Monday, March 27, 2023

Scientists have discovered viruses that ‘rule the world’s oceans’

The recent study, published Thursday in the journal Science, focused on viruses that include RNA, the molecular cousin of DNA. In human disease, RNA viruses abound; For example, both coronaviruses and influenza viruses are RNA-based. Scientists are currently learning about the different types of RNA viruses found in water.

“We are fairly sure that most RNA viruses in the ocean are infecting microbial eukaryotes, such as fungi and protists, and, to a lesser extent, invertebrates,” said co-first author Guillermo Dominguez-Huerta, who works in Viral Ecology. Was a postdoctoral scholar. At the time of study at The Ohio State University (OSU).

Fungi and protists, including algae and amoeba, are viral hosts that take up carbon dioxide from the atmosphere and therefore control how much carbon is stored in the ocean.

Scientists Have Discovered Viruses That 'Rule The World'S Oceans'

In an email to Live Science, Wilhelm said, “Given the amount of RNA virus particles, knowing they can accomplish this, this story continues to develop with regard to how energy and carbon move.” How important are viruses in the world.”

Dominguez-Huerta and his colleagues discovered more than 5,500 previously undiscovered RNA viruses in the world’s waters earlier this year.

The scientists evaluated 35,000 water samples collected by the Tara Ocean Association from 121 locations across five oceans.

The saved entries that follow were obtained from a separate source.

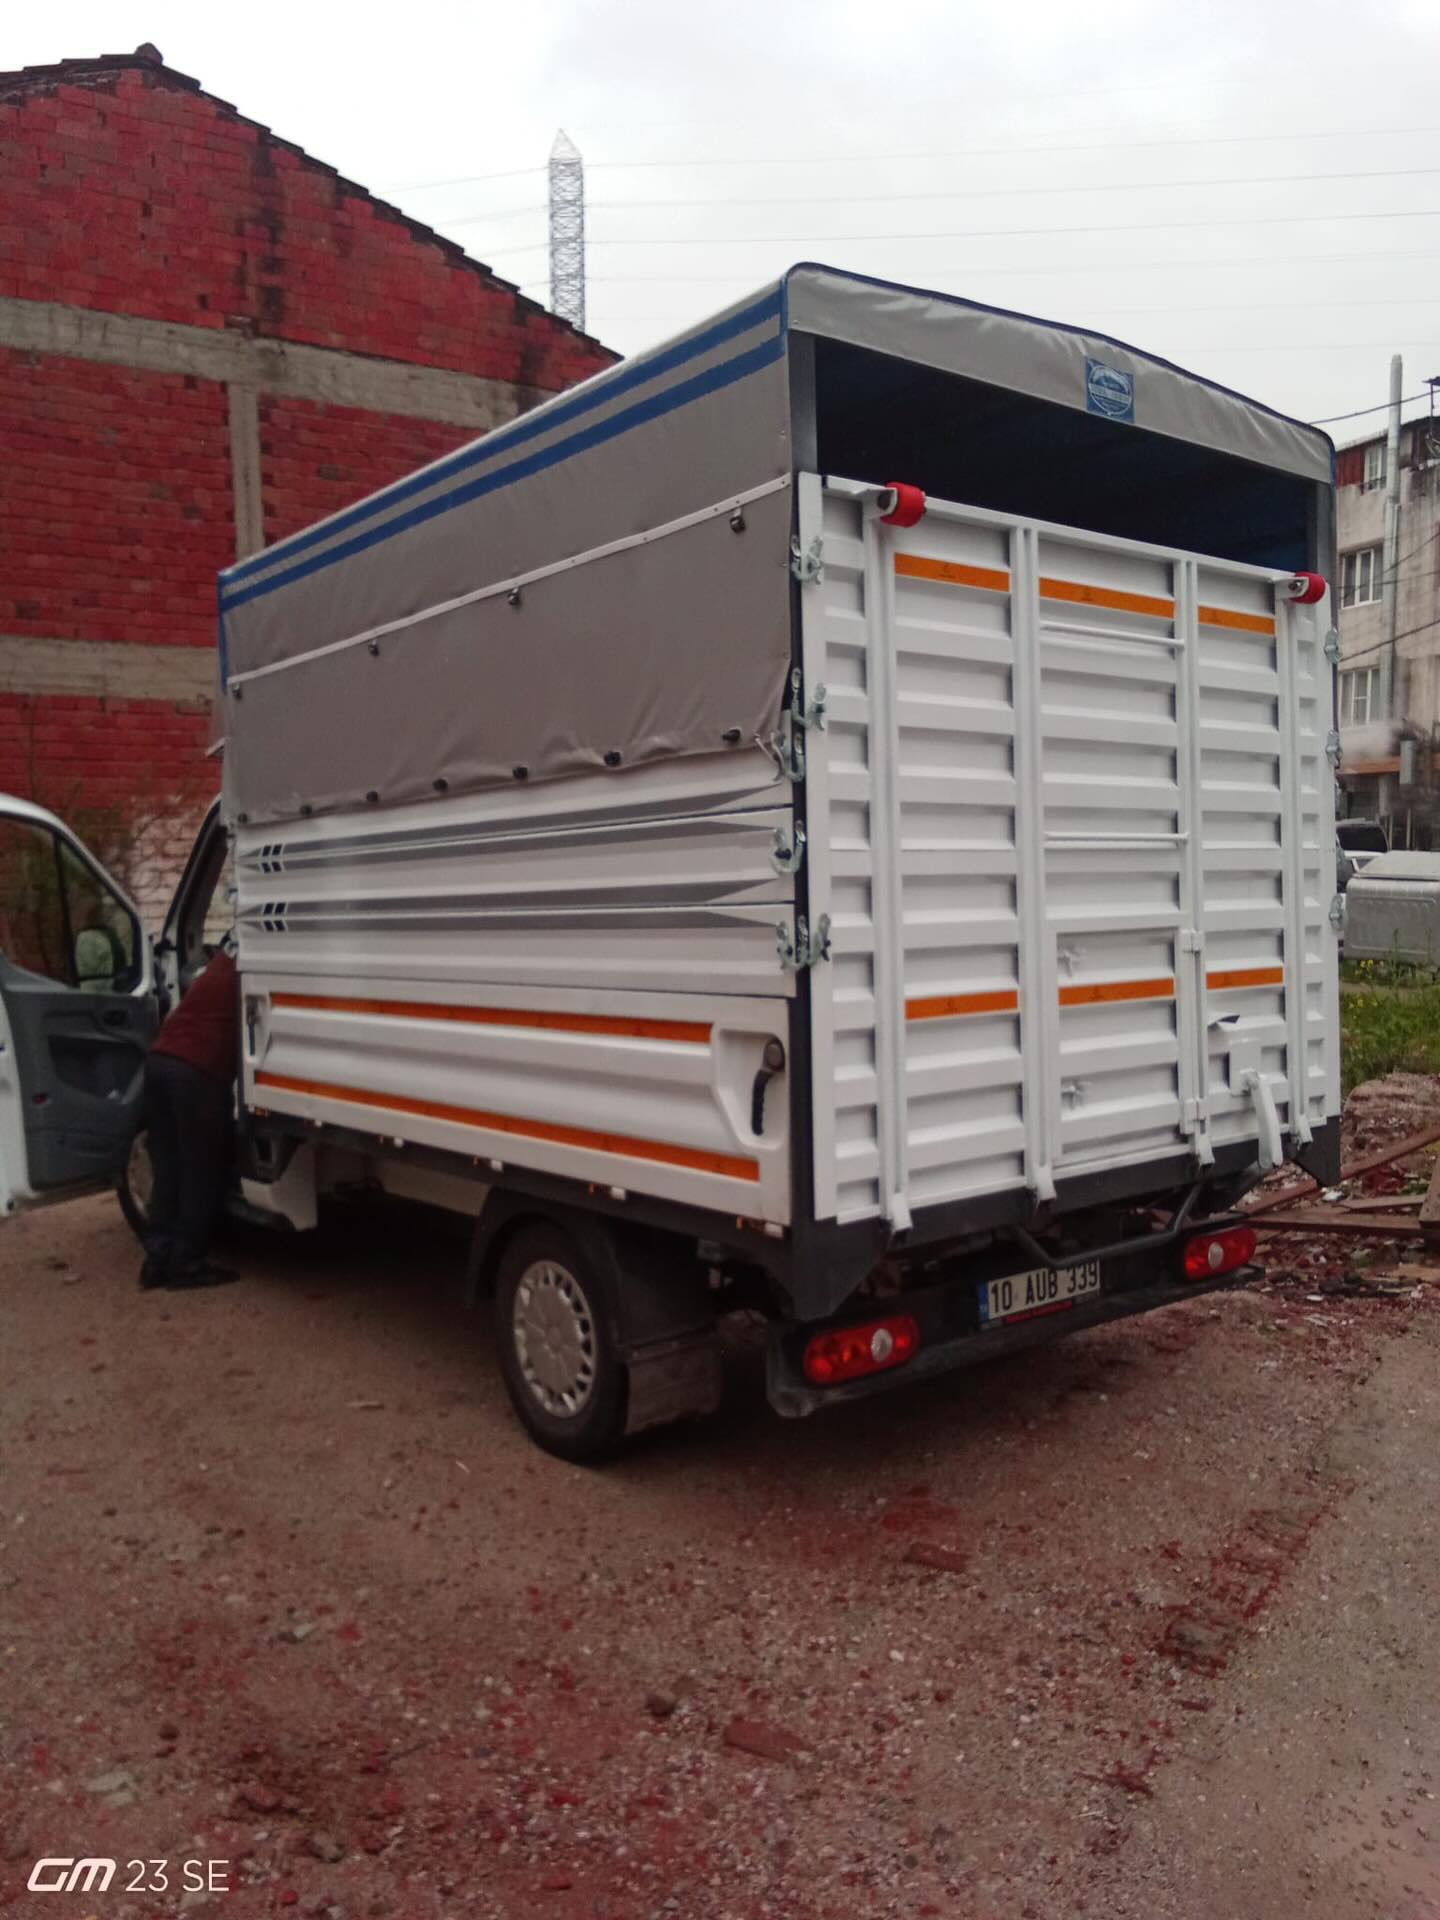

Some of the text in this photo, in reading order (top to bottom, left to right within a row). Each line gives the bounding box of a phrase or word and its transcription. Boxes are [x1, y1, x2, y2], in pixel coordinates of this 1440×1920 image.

[991, 1281, 1012, 1313] 10
[1026, 1269, 1058, 1305] AUB
[1067, 1262, 1098, 1293] 339
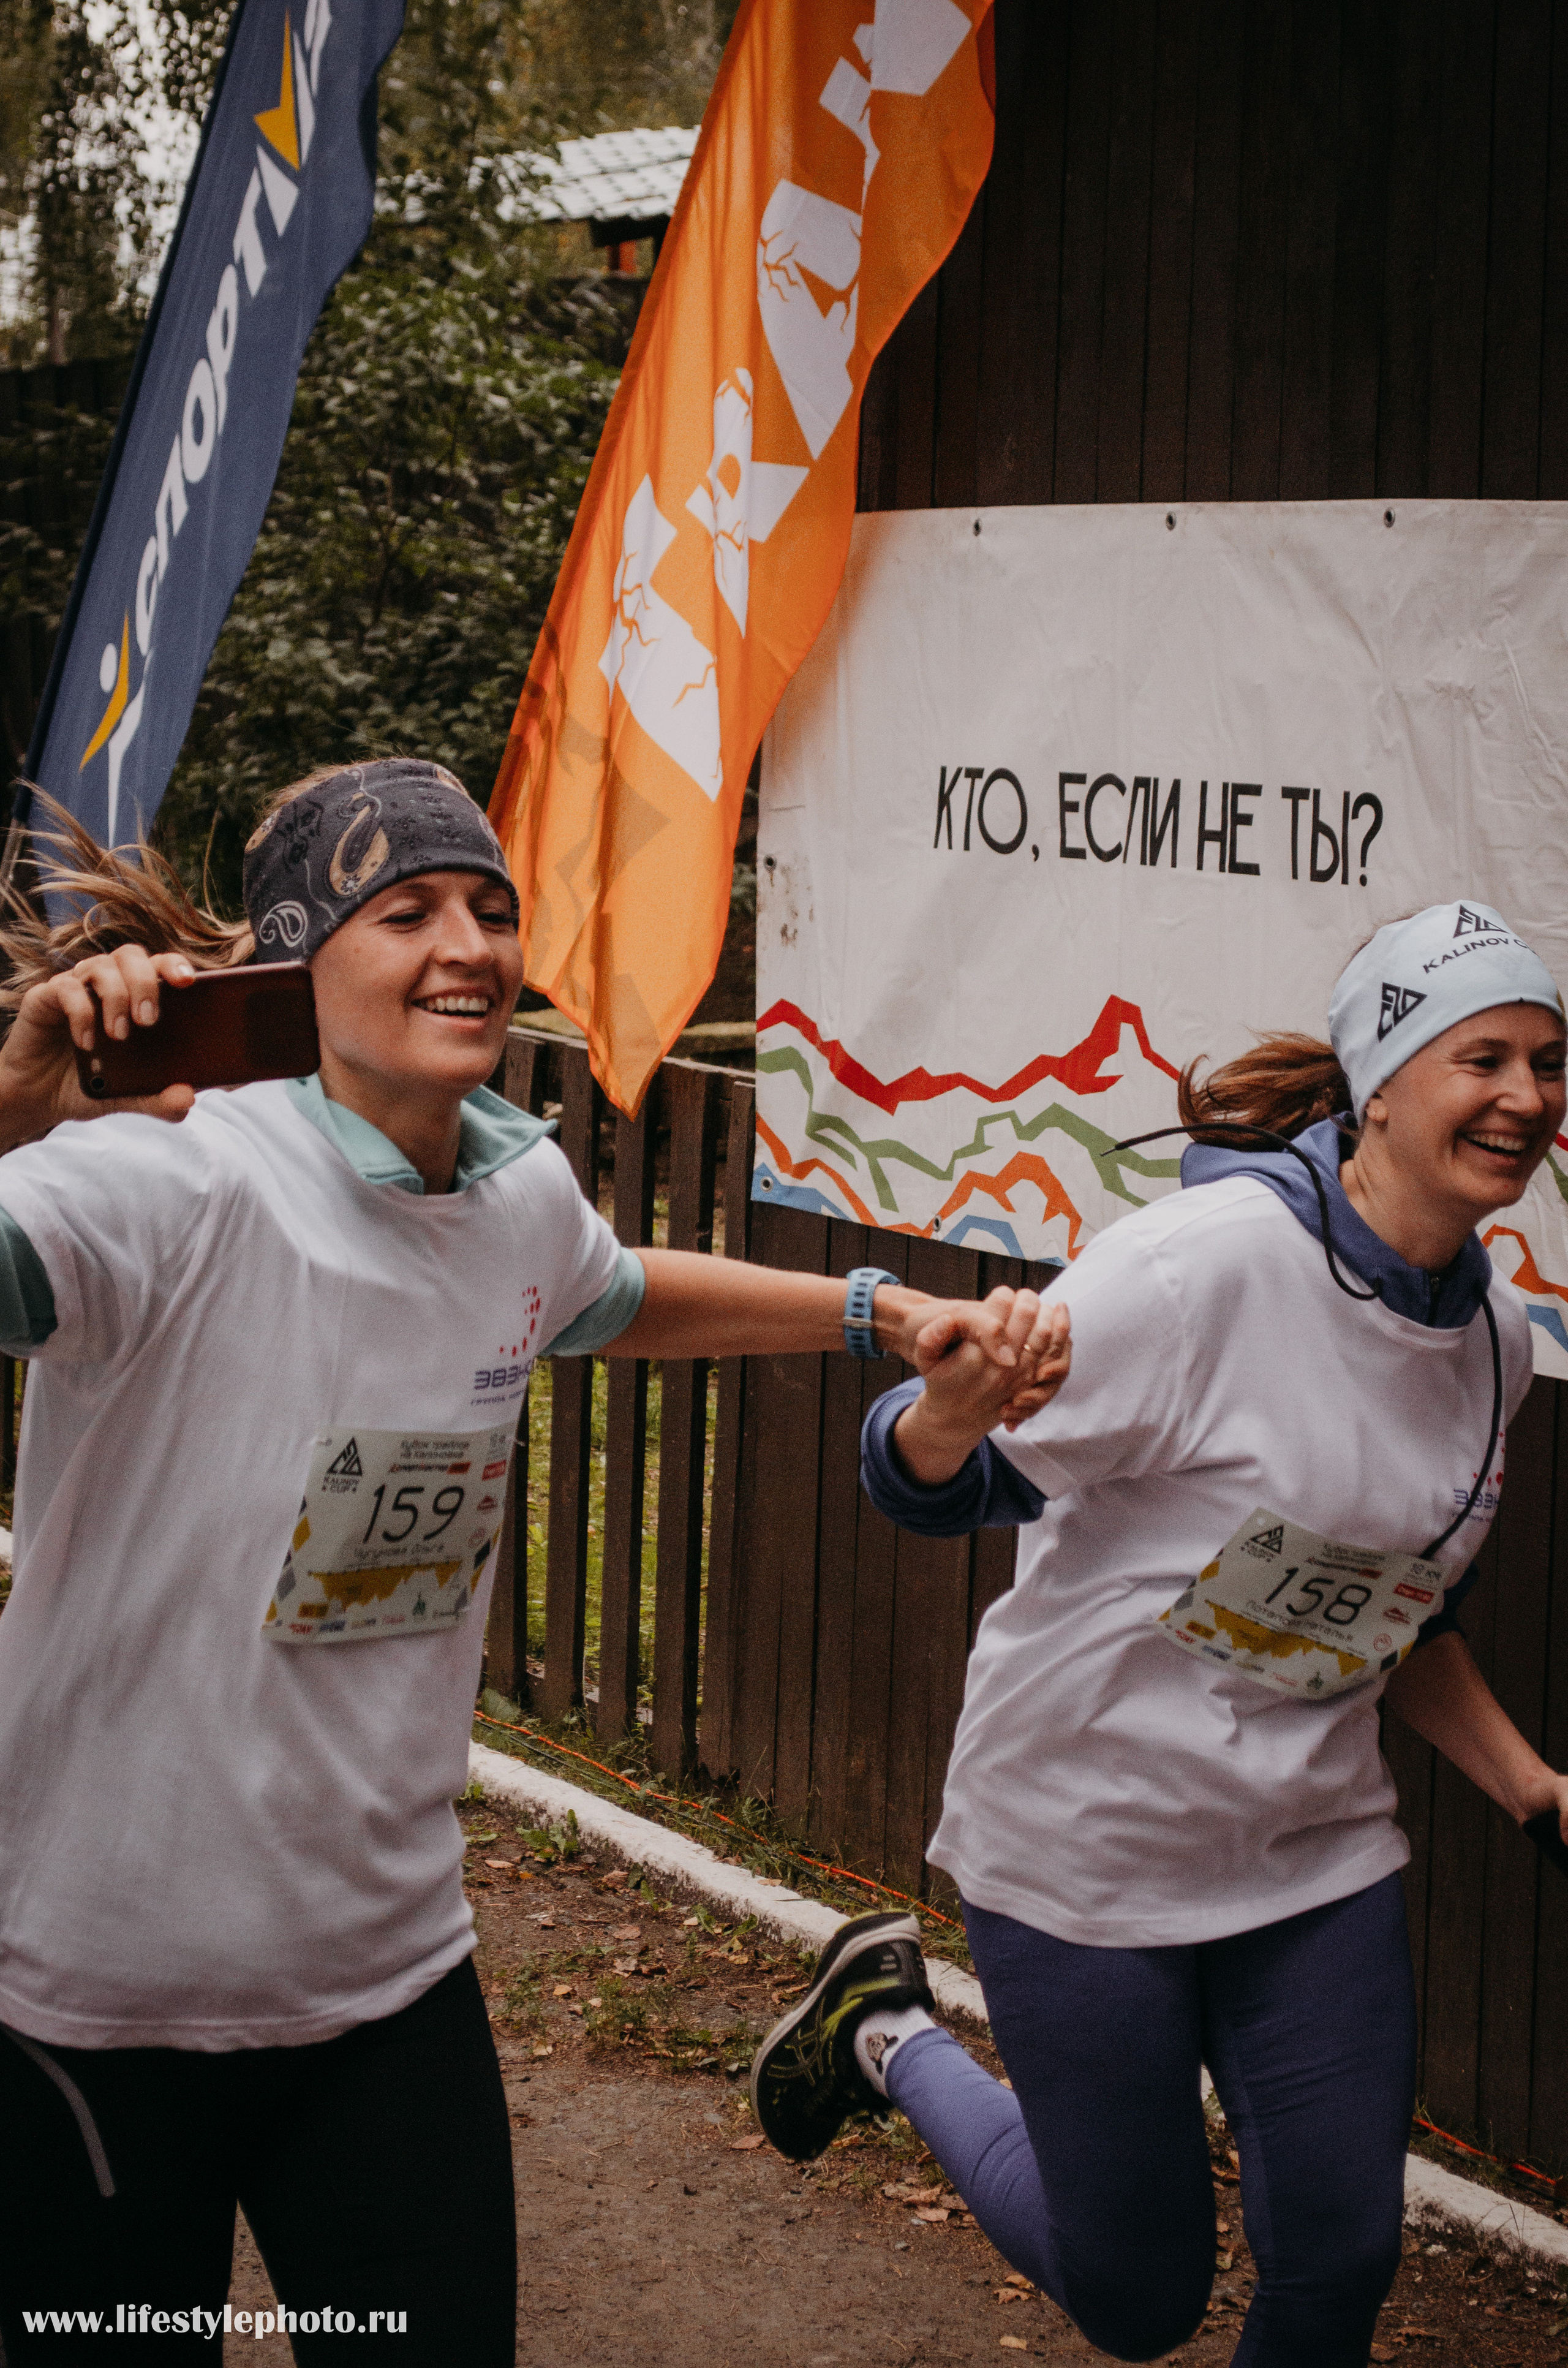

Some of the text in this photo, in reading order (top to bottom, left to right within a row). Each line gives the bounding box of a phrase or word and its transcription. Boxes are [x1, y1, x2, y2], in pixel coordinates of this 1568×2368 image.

[933, 765, 1384, 887] КТО, ЕСЛИ НЕ ТЫ?
[1422, 937, 1510, 974] KALINOV
[363, 1484, 465, 1544] 159
[1265, 1567, 1373, 1625] 158
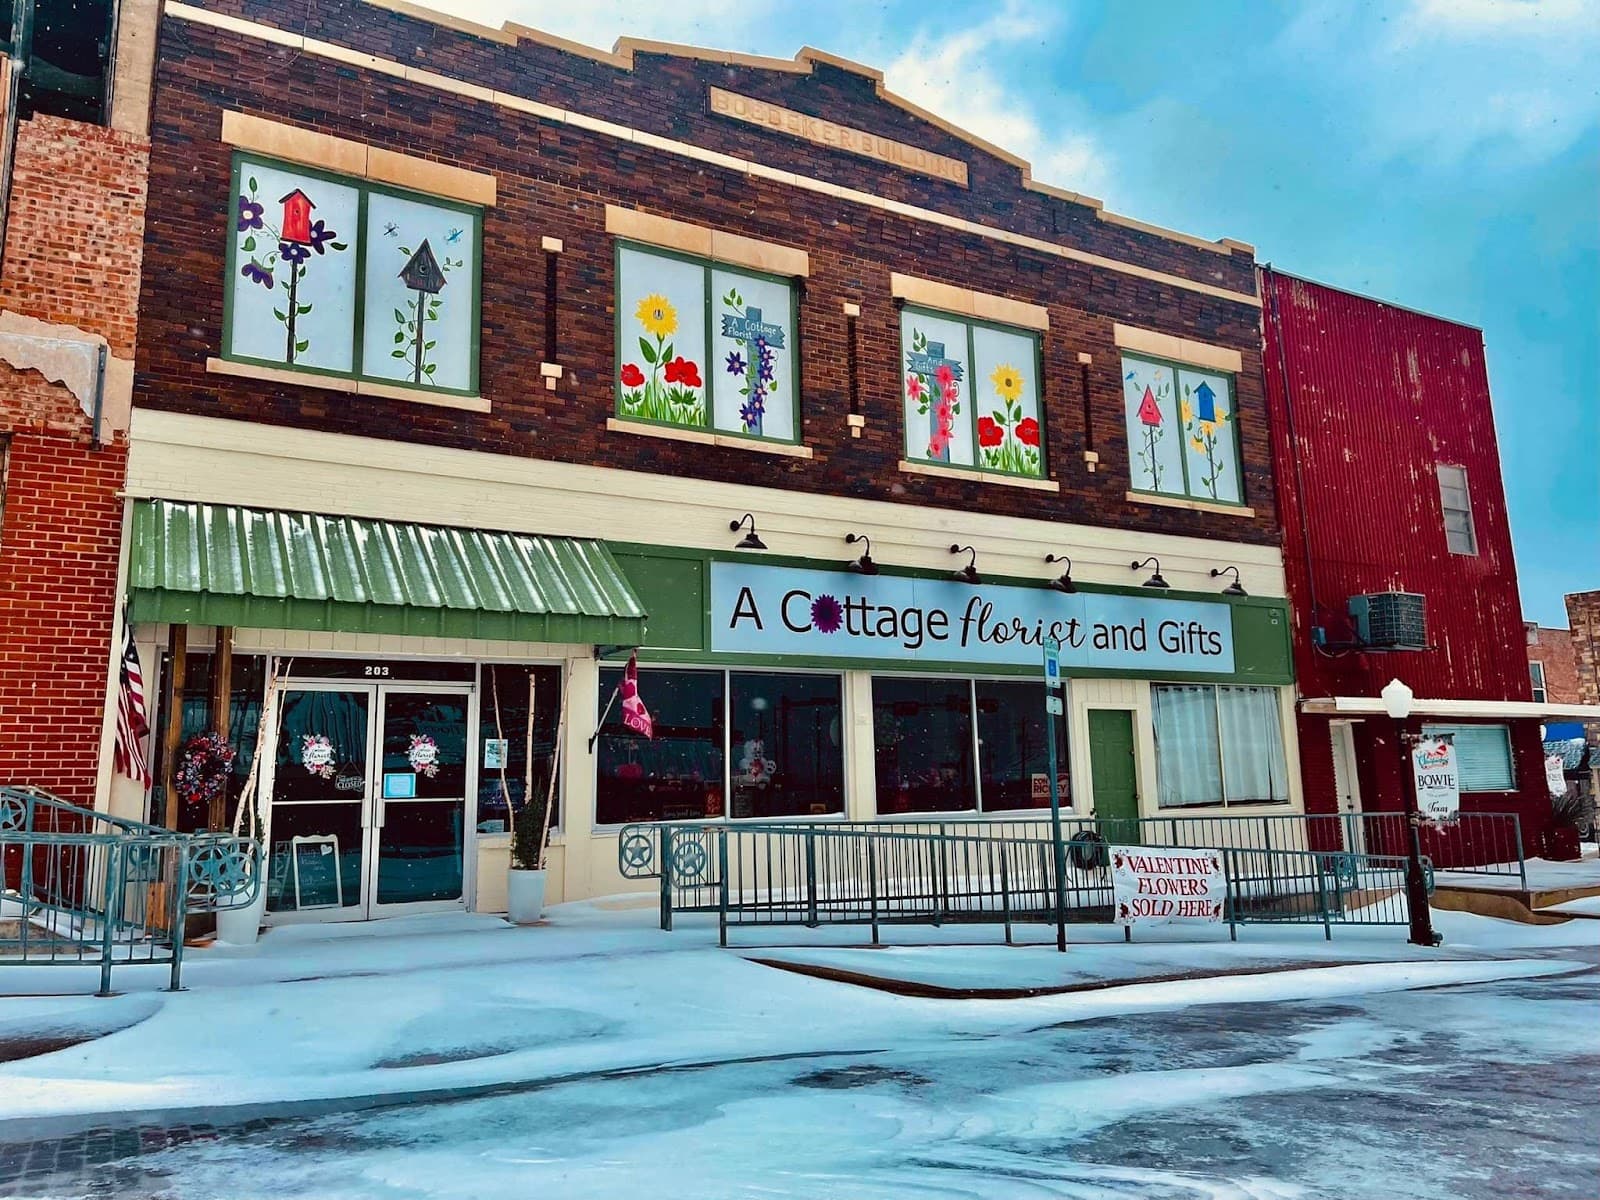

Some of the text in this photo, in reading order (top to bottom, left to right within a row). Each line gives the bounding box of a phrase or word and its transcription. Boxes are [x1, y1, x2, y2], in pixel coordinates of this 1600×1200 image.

[714, 92, 966, 180] BOEDEKER BUILDING
[728, 327, 753, 340] Florist
[731, 317, 777, 338] A Cottage
[729, 587, 763, 630] A
[959, 596, 1086, 650] florist
[1093, 618, 1146, 651] and
[1158, 620, 1222, 656] Gifts
[365, 666, 389, 676] 203
[624, 713, 651, 738] LOVE
[1033, 784, 1066, 793] RICEY
[1418, 774, 1455, 787] BOWIE
[1428, 801, 1448, 812] Texas
[1127, 856, 1211, 874] VALENTINE
[1137, 877, 1208, 895] FLOWERS
[1132, 899, 1212, 917] SOLD HERE

Plankton are microscopic organisms that currently move and may serve as hosts for RNA viruses that were abundant in these water samples.

“It’s the only… the coding sequence that is consistent across all RNA viruses,” said Dominguez-Huerta, who now works as a scientific advisor for Virosphaera; Nevertheless, the RdRp gene is not found in cells or other viruses.

According to the researchers, viral populations can be divided into four broad regions: arctic, Antarctic, temperate and tropical epipelagic (near the ocean surface), and temperate and tropical mesopelagic. The diversity of viruses is highest in the polar regions.

“Viruses don’t care how cold the water is when it comes to diversity,” said co-first author Ahmed Zayed, a research scientist in OSU’s Department of Microbiology. According to Zayed of Live Science, the discovery suggests that many viruses fight for the same host at the poles.

The researchers compared the genomes of RNA viruses with those of known hosts to the new virus and looked for unusual snippets of viral RNA in the host cell genome, where fragments of RNA can sometimes be left behind.

Scientists Have Discovered Viruses That 'Rule The World'S Oceans'

According to Dominguez-Huerta, the study also determined that 95 viruses carried “genes” from their host cells. These genes help the host in directing metabolic activities within the cell. According to the scientists, the discovery states that the virus interfered with its host’s metabolism in some way, which is likely to increase the generation of new viral particles.

After determining which hosts are most likely to infect ocean viruses, the researchers found that about 1,200 of them may be involved in carbon export.

According to the Monterey Bay Aquarium Research Institute, the deeper these carbon stocks sink, the longer they will remain in the water before cycling back into the atmosphere, according to the current study of infection of marine organisms by RNA viruses.

Wilhelm said RNA viruses could potentially promote carbon flux by isolating their hosts and dumping stored carbon into the ocean.